Spearville's first permanent residents were the Santa Fe section foreman, Jonas Stafford, and his family, who settled in Spearville in January, 1875. Stafford's wife and daughters opened an eating house, mainly for the accommodation of the section hands.

The first post office in Spearville was established in June 1877.

Toward the end of October 1892, Spearville was the site of the second robbery of the Bill Doolin Gang, which had been formed in the aftermath of the Dalton Gang's demise in Coffeyville, Kansas. The Ford County Bank was robbed of $1,697 by Doolin and two members of his gang. One of the outlaws, Ollie (Ol) Yantis, was soon tracked down and killed by a posse.

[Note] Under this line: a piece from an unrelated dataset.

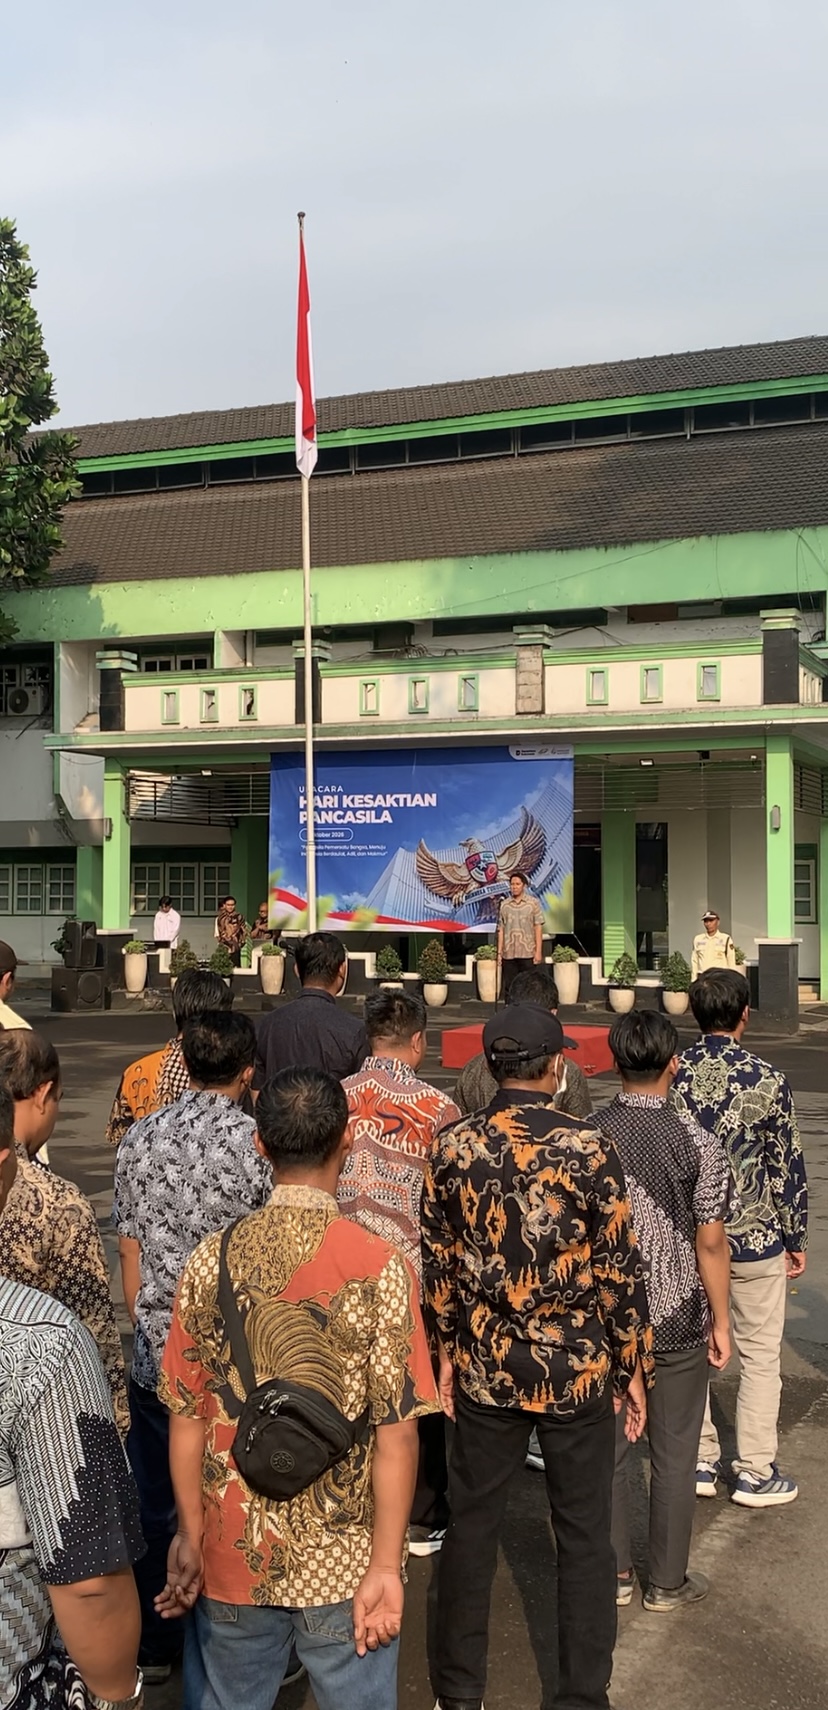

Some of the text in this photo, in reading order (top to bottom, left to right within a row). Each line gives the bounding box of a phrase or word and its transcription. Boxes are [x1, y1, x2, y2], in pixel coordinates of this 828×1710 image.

[298, 785, 344, 794] UACARA
[299, 793, 437, 809] HARI KESAKTIAN
[299, 810, 393, 825] PANCASILA

Its nickname is City of Windmills, from the large number of windmills used to pump groundwater in the late 1800s. There are now wind farms with more than 350 turbines surrounding the city.

==Geography==
According to the United States Census Bureau, the city has a total area of 0.60 sqmi, all land.

===Climate===
The climate in this area is characterized by hot, humid summers and generally mild to cool winters. According to the Köppen Climate Classification system, Spearville has a humid subtropical climate, abbreviated "Cfa" on climate maps.

==Demographics==

Historical population
| Census | Pop. | Note | %± |
| 1880 | 156 |  | — |
| 1900 | 157 |  | — |
| 1910 | 576 |  | 266.9% |
| 1920 | 629 |  | 9.2% |
| 1930 | 703 |  | 11.8% |
| 1940 | 603 |  | −14.2% |
| 1950 | 610 |  | 1.2% |
| 1960 | 602 |  | −1.3% |
| 1970 | 738 |  | 22.6% |
| 1980 | 693 |  | −6.1% |
| 1990 | 716 |  | 3.3% |
| 2000 | 813 |  | 13.5% |
| 2010 | 773 |  | −4.9% |
| 2020 | 791 |  | 2.3% |
U.S. Decennial Census

===2010 census===
As of the census of 2010, there were 773 people, 300 households, and 218 families residing in the city. The population density was 1288.3 PD/sqmi. There were 320 housing units at an average density of 533.3 /sqmi. The racial makeup of the city was 95.5% White, 0.4% African American, 0.6% Native American, 3.4% from other races, and 0.1% from two or more races. Hispanic or Latino of any race were 8.4% of the population.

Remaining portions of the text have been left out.